= Work item =
Every record below must come back exactly as written, with the images dropped.

[Recorded data]

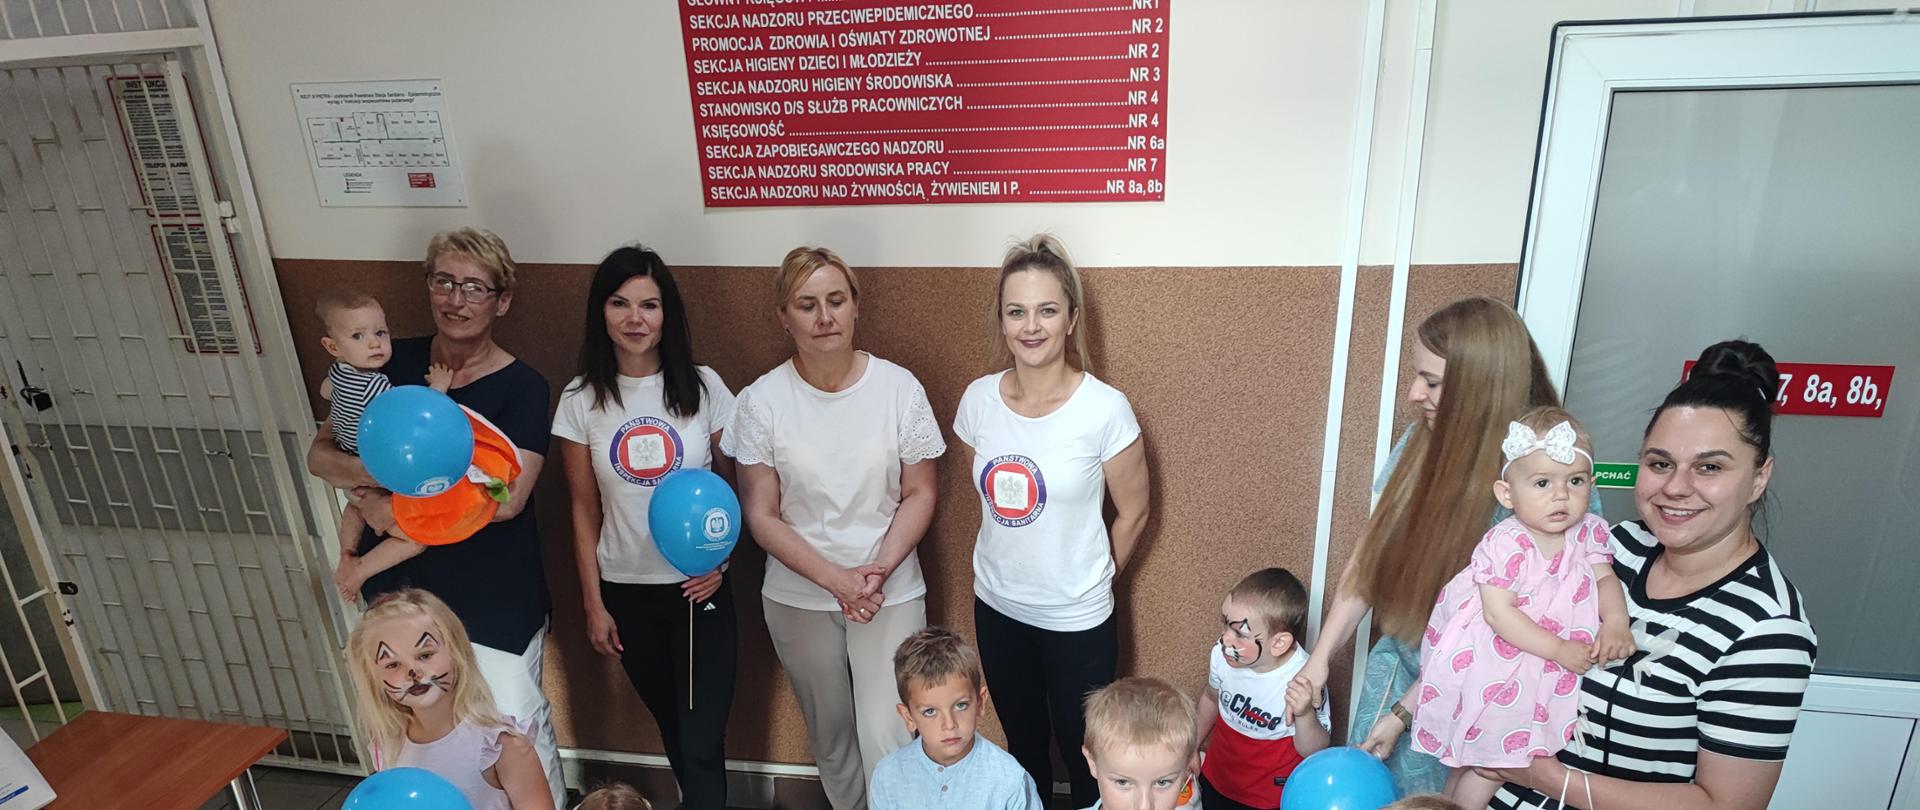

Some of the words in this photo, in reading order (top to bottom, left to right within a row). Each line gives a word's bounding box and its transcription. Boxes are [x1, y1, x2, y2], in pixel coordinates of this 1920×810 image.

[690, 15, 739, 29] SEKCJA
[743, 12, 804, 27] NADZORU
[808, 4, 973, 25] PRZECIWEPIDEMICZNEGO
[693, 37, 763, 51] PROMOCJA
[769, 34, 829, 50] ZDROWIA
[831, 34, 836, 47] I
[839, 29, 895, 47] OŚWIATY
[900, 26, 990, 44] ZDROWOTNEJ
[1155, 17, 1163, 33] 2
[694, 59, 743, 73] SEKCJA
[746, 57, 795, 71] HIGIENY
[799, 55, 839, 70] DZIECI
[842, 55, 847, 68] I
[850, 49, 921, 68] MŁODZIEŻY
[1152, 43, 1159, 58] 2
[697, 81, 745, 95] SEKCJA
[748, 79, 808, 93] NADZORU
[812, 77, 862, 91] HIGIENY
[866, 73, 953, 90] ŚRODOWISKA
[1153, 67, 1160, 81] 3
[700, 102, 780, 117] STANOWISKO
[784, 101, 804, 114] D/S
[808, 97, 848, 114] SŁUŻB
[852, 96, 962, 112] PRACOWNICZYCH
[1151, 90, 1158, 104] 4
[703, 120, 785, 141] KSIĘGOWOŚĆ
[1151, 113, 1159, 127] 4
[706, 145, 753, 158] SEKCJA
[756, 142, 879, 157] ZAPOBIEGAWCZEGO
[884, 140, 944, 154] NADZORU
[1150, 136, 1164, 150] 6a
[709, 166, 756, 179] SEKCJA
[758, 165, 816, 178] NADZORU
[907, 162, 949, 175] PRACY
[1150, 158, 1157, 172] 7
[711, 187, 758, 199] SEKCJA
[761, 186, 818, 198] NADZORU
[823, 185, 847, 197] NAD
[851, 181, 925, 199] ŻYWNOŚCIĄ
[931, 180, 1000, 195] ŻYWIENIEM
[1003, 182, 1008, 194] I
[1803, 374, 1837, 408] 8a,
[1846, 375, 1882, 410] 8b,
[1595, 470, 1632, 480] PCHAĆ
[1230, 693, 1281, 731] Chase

= Result of this exercise =
Some of the words in this photo, in reading order (top to bottom, left to right within a row). Each line gives a word's bounding box and its transcription. Boxes are [x1, y1, x2, y2], in pixel coordinates of this 1920×810 image.

[690, 15, 739, 29] SEKCJA
[743, 12, 804, 27] NADZORU
[808, 4, 973, 25] PRZECIWEPIDEMICZNEGO
[693, 37, 763, 51] PROMOCJA
[769, 34, 829, 50] ZDROWIA
[831, 34, 836, 47] I
[839, 29, 895, 47] OŚWIATY
[900, 26, 990, 44] ZDROWOTNEJ
[1155, 17, 1163, 33] 2
[694, 59, 743, 73] SEKCJA
[746, 57, 795, 71] HIGIENY
[799, 55, 839, 70] DZIECI
[842, 55, 847, 68] I
[850, 49, 921, 68] MŁODZIEŻY
[1152, 43, 1159, 58] 2
[697, 81, 745, 95] SEKCJA
[748, 79, 808, 93] NADZORU
[812, 77, 862, 91] HIGIENY
[866, 73, 953, 90] ŚRODOWISKA
[1153, 67, 1160, 81] 3
[700, 102, 780, 117] STANOWISKO
[784, 101, 804, 114] D/S
[808, 97, 848, 114] SŁUŻB
[852, 96, 962, 112] PRACOWNICZYCH
[1151, 90, 1158, 104] 4
[703, 120, 785, 141] KSIĘGOWOŚĆ
[1151, 113, 1159, 127] 4
[706, 145, 753, 158] SEKCJA
[756, 142, 879, 157] ZAPOBIEGAWCZEGO
[884, 140, 944, 154] NADZORU
[1150, 136, 1164, 150] 6a
[709, 166, 756, 179] SEKCJA
[758, 165, 816, 178] NADZORU
[907, 162, 949, 175] PRACY
[1150, 158, 1157, 172] 7
[711, 187, 758, 199] SEKCJA
[761, 186, 818, 198] NADZORU
[823, 185, 847, 197] NAD
[851, 181, 925, 199] ŻYWNOŚCIĄ
[931, 180, 1000, 195] ŻYWIENIEM
[1003, 182, 1008, 194] I
[1803, 374, 1837, 408] 8a,
[1846, 375, 1882, 410] 8b,
[1595, 470, 1632, 480] PCHAĆ
[1230, 693, 1281, 731] Chase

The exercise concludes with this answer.